Всем стало неудобно. Петр Кузьмин крякнул, Всеволод Сергеевич перевел разговор на другое, и только Саша, закипая гневом, но сдерживая себя, встал и попросил расписать пульку.
Вместе с Сашей ушел и Всеволод Сергеевич. По дороге Саша ему сказал:
– Маслов – скотина! Женщина ради него проделала такой путь, верна ему, а он с ней так разговаривает.
– Да, она самоотверженная женщина, – согласился Всеволод Сергеевич. И со своей двусмысленной улыбкой добавил: – Но верна ли она ему, мы не знаем.
– У блудливой свекрови невестка всегда…
– Это про меня? – ухмыльнулся Всеволод Сергеевич.
– Про вас.
– Вы меня плохо знаете, – возразил Всеволод Сергеевич, – я высоко ценю поступок Ольги Степановны. Но подумайте о ее жизни там, в Калинине. Молодая, красивая, одинокая…
– Падости вы говорите.
– Вы романтик, Саша, – беззлобно возразил Всеволод Сергеевич, – за это я вас, впрочем, и люблю. В вашей наивности что-то от бескорыстия тех, первых… Ольга Степановна, безусловно, женщина жертвенного склада, а это высший тип женщины, но не забывайте, она мать двоих детей, она должна работать, а наш работодатель не жалует контриков, их жен и их детей. Вот и задумаешься, дорогой Саша! Особенно когда дети хотят есть, причем, заметьте, не раз в день, а три. Вы еще, дорогой мой, не знаете истинной жизни, все еще витаете в облаках.
– Есть вещи, – сказал Саша, – на которые нельзя идти ни при каких обстоятельствах. И у вас нет оснований утверждать, что Ольга Степановна чем-то поступилась.
– Я этого не утверждаю, но возможность допускаю.
– И для этого у вас нет оснований. Мы знаем одно: Маслова она не бросила, не отреклась от него, не вышла за другого, преодолела такой путь, чтобы увидеть его, а он ее обхамил.
– Да, – согласился Всеволод Сергеевич, – он вел себя как человек невоспитанный. Я и пытаюсь понять почему.
– Чего тут понимать, – усмехнулся Саша, – хам, и все тут. Вы говорите, будто наши условия заставляют женщину быть аморальной. Но позвольте, какие условия вынуждают Маслова быть хамом? Не валите все на Советскую власть, она здесь ни при чем. Маслов пользуется слабостью своей жены, она слабее его, как слаб любой деликатный человек перед хамом и грубияном.
– Я вам удивляюсь, Саша, – сказал Всеволод Сергеевич, – вы сохранили несвойственные вашему поколению понятия. Не потому ли и попали сюда? Вы всегда были таким или стали таким здесь?

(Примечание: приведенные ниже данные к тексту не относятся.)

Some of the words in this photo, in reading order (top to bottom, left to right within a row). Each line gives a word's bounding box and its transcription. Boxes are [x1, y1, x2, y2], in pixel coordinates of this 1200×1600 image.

– Во мне нет ничего отличного от моих товарищей, – возразил Саша, – просто вы нас не знаете, Ленин тоже не отрицал вечных истин, он сам на них вырос. Его слова об особой классовой нравственности были вызваны требованиями момента, революция – это война, а война жестока. Но в своей сути наши идеи человечны и гуманны. То, что для Ленина было временным, вызванным жестокой необходимостью, Сталин возвел в постоянное, вечное, возвел в догму.

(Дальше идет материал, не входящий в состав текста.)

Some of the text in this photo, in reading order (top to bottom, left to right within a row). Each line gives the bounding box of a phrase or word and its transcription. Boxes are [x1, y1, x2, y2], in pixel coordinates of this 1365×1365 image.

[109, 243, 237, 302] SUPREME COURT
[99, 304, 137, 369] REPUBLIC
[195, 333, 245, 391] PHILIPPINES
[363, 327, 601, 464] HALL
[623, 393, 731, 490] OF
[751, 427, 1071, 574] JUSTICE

– О Сталине вы не говорили, я не слышал, – снова засмеялся Всеволод Сергеевич, – что же касается Маслова, боюсь, вы многое упрощаете. Жизнь сложна и не вмещается ни в какие схемы, особенно жизнь таких людей, как Маслов. При всем вашем благородстве, Саша, у вас есть одна слабинка: из осколков своей веры вы пытаетесь слепить другой сосуд. Но не получится: осколки соединяются только в своей прежней форме. Или вернетесь к своей вере, или отвергнете ее навсегда.
Возле дома Всеволода Сергеевича они распрощались.
Саша увидел огонек в окне, Зида ждала его. Он спустился к реке, оттуда обычно поднимался к ее дому. Но не хотелось идти. Любовь приносит радость, скрашивает жизнь… Но если нет жизни, никакая любовь ее не скрасит.
Ладно, посидит на берегу, потом, может быть, пойдет. Он часто сиживал теперь на берегу в лодке, глядя на реку, на проложенную луной серебряную дорожку на воде.
То, что Зида предлагает ему, не выход. Она довольствуется малым, это ее достоинство, но почему живет она в этой глуши? Кто она такая? Забилась в дальний угол, скрывается от кого-то или от чего-то и хочет, чтобы он тоже, как таракан, забился в угол. Нет, тараканьей жизнью он жить не намерен. Тараканом его не сделают.
Он услышал шаги. Неужели Зида?
Луна редко пробивалась сквозь низко висящие облака. Саша едва различал фигуры шедших по берегу людей и, только когда они прошли совсем близко, узнал Маслова и Ольгу Степановну. Они не видели Сашу и остановились за развешенными на кольях сетями.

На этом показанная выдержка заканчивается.